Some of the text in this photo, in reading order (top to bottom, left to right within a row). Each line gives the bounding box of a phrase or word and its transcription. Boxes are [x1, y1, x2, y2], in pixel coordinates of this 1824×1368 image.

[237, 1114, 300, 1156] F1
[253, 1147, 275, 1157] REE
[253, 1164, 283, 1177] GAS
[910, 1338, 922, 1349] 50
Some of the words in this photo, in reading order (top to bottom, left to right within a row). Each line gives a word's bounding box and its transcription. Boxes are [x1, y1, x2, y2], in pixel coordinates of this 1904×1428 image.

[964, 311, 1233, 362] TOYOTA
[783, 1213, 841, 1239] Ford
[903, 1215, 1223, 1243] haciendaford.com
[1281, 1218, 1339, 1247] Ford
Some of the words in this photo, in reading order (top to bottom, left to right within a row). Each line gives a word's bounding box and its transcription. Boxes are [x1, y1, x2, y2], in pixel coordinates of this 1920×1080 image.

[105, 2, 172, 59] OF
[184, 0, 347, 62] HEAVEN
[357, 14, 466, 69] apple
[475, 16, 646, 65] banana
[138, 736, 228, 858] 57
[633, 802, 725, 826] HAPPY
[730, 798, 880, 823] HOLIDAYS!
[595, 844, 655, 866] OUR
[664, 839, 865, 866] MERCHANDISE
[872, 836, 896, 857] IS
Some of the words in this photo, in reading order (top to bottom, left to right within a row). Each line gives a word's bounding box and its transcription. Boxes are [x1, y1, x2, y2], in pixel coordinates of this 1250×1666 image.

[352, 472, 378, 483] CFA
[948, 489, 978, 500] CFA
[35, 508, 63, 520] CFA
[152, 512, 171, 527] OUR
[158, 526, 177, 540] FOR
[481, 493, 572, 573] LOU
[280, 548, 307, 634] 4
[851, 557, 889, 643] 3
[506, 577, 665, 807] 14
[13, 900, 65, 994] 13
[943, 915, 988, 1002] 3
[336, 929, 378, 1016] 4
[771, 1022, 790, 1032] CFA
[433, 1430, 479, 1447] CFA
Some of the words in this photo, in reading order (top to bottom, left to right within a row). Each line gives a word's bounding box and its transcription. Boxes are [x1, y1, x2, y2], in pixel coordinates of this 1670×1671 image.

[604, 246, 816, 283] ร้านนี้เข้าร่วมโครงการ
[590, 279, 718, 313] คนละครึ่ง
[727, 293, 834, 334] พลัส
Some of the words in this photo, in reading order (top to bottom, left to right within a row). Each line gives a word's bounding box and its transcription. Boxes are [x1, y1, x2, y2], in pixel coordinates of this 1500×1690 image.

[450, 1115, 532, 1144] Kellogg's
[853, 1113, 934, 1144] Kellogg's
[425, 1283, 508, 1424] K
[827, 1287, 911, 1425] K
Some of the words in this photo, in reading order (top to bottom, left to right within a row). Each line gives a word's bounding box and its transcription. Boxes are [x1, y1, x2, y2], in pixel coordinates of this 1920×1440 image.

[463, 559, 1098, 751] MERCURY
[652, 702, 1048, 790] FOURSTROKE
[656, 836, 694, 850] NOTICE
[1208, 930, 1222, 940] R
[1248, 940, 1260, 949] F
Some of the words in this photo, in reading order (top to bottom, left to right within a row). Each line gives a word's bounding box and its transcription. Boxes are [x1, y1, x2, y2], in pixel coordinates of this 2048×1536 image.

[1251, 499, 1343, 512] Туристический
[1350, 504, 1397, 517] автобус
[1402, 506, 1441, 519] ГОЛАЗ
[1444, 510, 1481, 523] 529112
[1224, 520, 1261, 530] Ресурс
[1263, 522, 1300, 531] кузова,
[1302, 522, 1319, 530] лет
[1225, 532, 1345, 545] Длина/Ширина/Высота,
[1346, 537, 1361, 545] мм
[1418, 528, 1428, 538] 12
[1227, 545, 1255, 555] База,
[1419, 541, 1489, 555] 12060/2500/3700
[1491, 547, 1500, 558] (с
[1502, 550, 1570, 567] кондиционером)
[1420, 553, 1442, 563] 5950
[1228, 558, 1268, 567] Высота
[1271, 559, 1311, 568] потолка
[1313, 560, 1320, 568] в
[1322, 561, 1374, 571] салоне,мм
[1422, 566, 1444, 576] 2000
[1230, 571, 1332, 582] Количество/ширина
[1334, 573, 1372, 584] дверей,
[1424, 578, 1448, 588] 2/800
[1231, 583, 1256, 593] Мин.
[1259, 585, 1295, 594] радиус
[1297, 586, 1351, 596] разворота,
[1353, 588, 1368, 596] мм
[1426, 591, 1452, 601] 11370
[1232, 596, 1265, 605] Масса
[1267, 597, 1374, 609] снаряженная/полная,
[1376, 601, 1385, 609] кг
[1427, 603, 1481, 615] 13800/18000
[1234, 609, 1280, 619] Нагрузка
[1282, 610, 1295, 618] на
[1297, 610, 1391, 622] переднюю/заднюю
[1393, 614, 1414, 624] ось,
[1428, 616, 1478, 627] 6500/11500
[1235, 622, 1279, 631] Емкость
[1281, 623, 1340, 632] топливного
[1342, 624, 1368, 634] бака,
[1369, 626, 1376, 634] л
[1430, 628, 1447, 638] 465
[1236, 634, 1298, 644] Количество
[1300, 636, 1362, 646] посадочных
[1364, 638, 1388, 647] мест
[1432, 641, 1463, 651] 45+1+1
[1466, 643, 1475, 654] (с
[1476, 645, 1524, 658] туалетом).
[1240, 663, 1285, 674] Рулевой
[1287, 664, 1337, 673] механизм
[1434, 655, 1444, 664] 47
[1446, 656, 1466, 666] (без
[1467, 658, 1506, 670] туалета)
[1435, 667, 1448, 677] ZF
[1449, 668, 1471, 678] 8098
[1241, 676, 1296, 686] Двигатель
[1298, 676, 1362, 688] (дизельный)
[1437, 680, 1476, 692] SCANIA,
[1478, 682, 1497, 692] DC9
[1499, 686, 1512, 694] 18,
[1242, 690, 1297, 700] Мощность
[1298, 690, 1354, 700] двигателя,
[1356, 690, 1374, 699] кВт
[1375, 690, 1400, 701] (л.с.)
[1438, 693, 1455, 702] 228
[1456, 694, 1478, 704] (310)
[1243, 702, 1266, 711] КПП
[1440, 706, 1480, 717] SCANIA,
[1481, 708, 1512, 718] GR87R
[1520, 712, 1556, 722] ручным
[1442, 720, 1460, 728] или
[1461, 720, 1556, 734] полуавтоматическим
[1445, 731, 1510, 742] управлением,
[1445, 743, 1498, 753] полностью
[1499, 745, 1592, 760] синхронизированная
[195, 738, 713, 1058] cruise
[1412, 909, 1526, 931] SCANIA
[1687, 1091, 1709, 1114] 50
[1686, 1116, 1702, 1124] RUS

Instructions for the task:
So that nothing is lost, please reproduce each entry exactly as written.

Answer space:
Some of the text in this photo, in reading order (top to bottom, left to right within a row). Each line gives the bounding box of a phrase or word and its transcription. Boxes are [x1, y1, x2, y2], in pixel coordinates of this 1824×1368 image.

[237, 1114, 300, 1156] F1
[253, 1147, 275, 1157] REE
[253, 1164, 283, 1177] GAS
[910, 1338, 922, 1349] 50
Some of the words in this photo, in reading order (top to bottom, left to right within a row). Each line gives a word's bounding box and its transcription. Boxes are [x1, y1, x2, y2], in pixel coordinates of this 1904×1428 image.

[964, 311, 1233, 362] TOYOTA
[783, 1213, 841, 1239] Ford
[903, 1215, 1223, 1243] haciendaford.com
[1281, 1218, 1339, 1247] Ford
Some of the words in this photo, in reading order (top to bottom, left to right within a row). Each line gives a word's bounding box and its transcription. Boxes are [x1, y1, x2, y2], in pixel coordinates of this 1920×1080 image.

[105, 2, 172, 59] OF
[184, 0, 347, 62] HEAVEN
[357, 14, 466, 69] apple
[475, 16, 646, 65] banana
[138, 736, 228, 858] 57
[633, 802, 725, 826] HAPPY
[730, 798, 880, 823] HOLIDAYS!
[595, 844, 655, 866] OUR
[664, 839, 865, 866] MERCHANDISE
[872, 836, 896, 857] IS
Some of the words in this photo, in reading order (top to bottom, left to right within a row). Each line gives a word's bounding box and its transcription. Boxes are [x1, y1, x2, y2], in pixel coordinates of this 1250×1666 image.

[352, 472, 378, 483] CFA
[948, 489, 978, 500] CFA
[35, 508, 63, 520] CFA
[152, 512, 171, 527] OUR
[158, 526, 177, 540] FOR
[481, 493, 572, 573] LOU
[280, 548, 307, 634] 4
[851, 557, 889, 643] 3
[506, 577, 665, 807] 14
[13, 900, 65, 994] 13
[943, 915, 988, 1002] 3
[336, 929, 378, 1016] 4
[771, 1022, 790, 1032] CFA
[433, 1430, 479, 1447] CFA
Some of the words in this photo, in reading order (top to bottom, left to right within a row). Each line gives a word's bounding box and its transcription. Boxes are [x1, y1, x2, y2], in pixel coordinates of this 1670×1671 image.

[604, 246, 816, 283] ร้านนี้เข้าร่วมโครงการ
[590, 279, 718, 313] คนละครึ่ง
[727, 293, 834, 334] พลัส
Some of the words in this photo, in reading order (top to bottom, left to right within a row). Each line gives a word's bounding box and its transcription. Boxes are [x1, y1, x2, y2], in pixel coordinates of this 1500×1690 image.

[450, 1115, 532, 1144] Kellogg's
[853, 1113, 934, 1144] Kellogg's
[425, 1283, 508, 1424] K
[827, 1287, 911, 1425] K
Some of the words in this photo, in reading order (top to bottom, left to right within a row). Each line gives a word's bounding box and its transcription. Boxes are [x1, y1, x2, y2], in pixel coordinates of this 1920×1440 image.

[463, 559, 1098, 751] MERCURY
[652, 702, 1048, 790] FOURSTROKE
[656, 836, 694, 850] NOTICE
[1208, 930, 1222, 940] R
[1248, 940, 1260, 949] F
Some of the words in this photo, in reading order (top to bottom, left to right within a row). Each line gives a word's bounding box and its transcription. Boxes are [x1, y1, x2, y2], in pixel coordinates of this 2048×1536 image.

[1251, 499, 1343, 512] Туристический
[1350, 504, 1397, 517] автобус
[1402, 506, 1441, 519] ГОЛАЗ
[1444, 510, 1481, 523] 529112
[1224, 520, 1261, 530] Ресурс
[1263, 522, 1300, 531] кузова,
[1302, 522, 1319, 530] лет
[1225, 532, 1345, 545] Длина/Ширина/Высота,
[1346, 537, 1361, 545] мм
[1418, 528, 1428, 538] 12
[1227, 545, 1255, 555] База,
[1419, 541, 1489, 555] 12060/2500/3700
[1491, 547, 1500, 558] (с
[1502, 550, 1570, 567] кондиционером)
[1420, 553, 1442, 563] 5950
[1228, 558, 1268, 567] Высота
[1271, 559, 1311, 568] потолка
[1313, 560, 1320, 568] в
[1322, 561, 1374, 571] салоне,мм
[1422, 566, 1444, 576] 2000
[1230, 571, 1332, 582] Количество/ширина
[1334, 573, 1372, 584] дверей,
[1424, 578, 1448, 588] 2/800
[1231, 583, 1256, 593] Мин.
[1259, 585, 1295, 594] радиус
[1297, 586, 1351, 596] разворота,
[1353, 588, 1368, 596] мм
[1426, 591, 1452, 601] 11370
[1232, 596, 1265, 605] Масса
[1267, 597, 1374, 609] снаряженная/полная,
[1376, 601, 1385, 609] кг
[1427, 603, 1481, 615] 13800/18000
[1234, 609, 1280, 619] Нагрузка
[1282, 610, 1295, 618] на
[1297, 610, 1391, 622] переднюю/заднюю
[1393, 614, 1414, 624] ось,
[1428, 616, 1478, 627] 6500/11500
[1235, 622, 1279, 631] Емкость
[1281, 623, 1340, 632] топливного
[1342, 624, 1368, 634] бака,
[1369, 626, 1376, 634] л
[1430, 628, 1447, 638] 465
[1236, 634, 1298, 644] Количество
[1300, 636, 1362, 646] посадочных
[1364, 638, 1388, 647] мест
[1432, 641, 1463, 651] 45+1+1
[1466, 643, 1475, 654] (с
[1476, 645, 1524, 658] туалетом).
[1240, 663, 1285, 674] Рулевой
[1287, 664, 1337, 673] механизм
[1434, 655, 1444, 664] 47
[1446, 656, 1466, 666] (без
[1467, 658, 1506, 670] туалета)
[1435, 667, 1448, 677] ZF
[1449, 668, 1471, 678] 8098
[1241, 676, 1296, 686] Двигатель
[1298, 676, 1362, 688] (дизельный)
[1437, 680, 1476, 692] SCANIA,
[1478, 682, 1497, 692] DC9
[1499, 686, 1512, 694] 18,
[1242, 690, 1297, 700] Мощность
[1298, 690, 1354, 700] двигателя,
[1356, 690, 1374, 699] кВт
[1375, 690, 1400, 701] (л.с.)
[1438, 693, 1455, 702] 228
[1456, 694, 1478, 704] (310)
[1243, 702, 1266, 711] КПП
[1440, 706, 1480, 717] SCANIA,
[1481, 708, 1512, 718] GR87R
[1520, 712, 1556, 722] ручным
[1442, 720, 1460, 728] или
[1461, 720, 1556, 734] полуавтоматическим
[1445, 731, 1510, 742] управлением,
[1445, 743, 1498, 753] полностью
[1499, 745, 1592, 760] синхронизированная
[195, 738, 713, 1058] cruise
[1412, 909, 1526, 931] SCANIA
[1687, 1091, 1709, 1114] 50
[1686, 1116, 1702, 1124] RUS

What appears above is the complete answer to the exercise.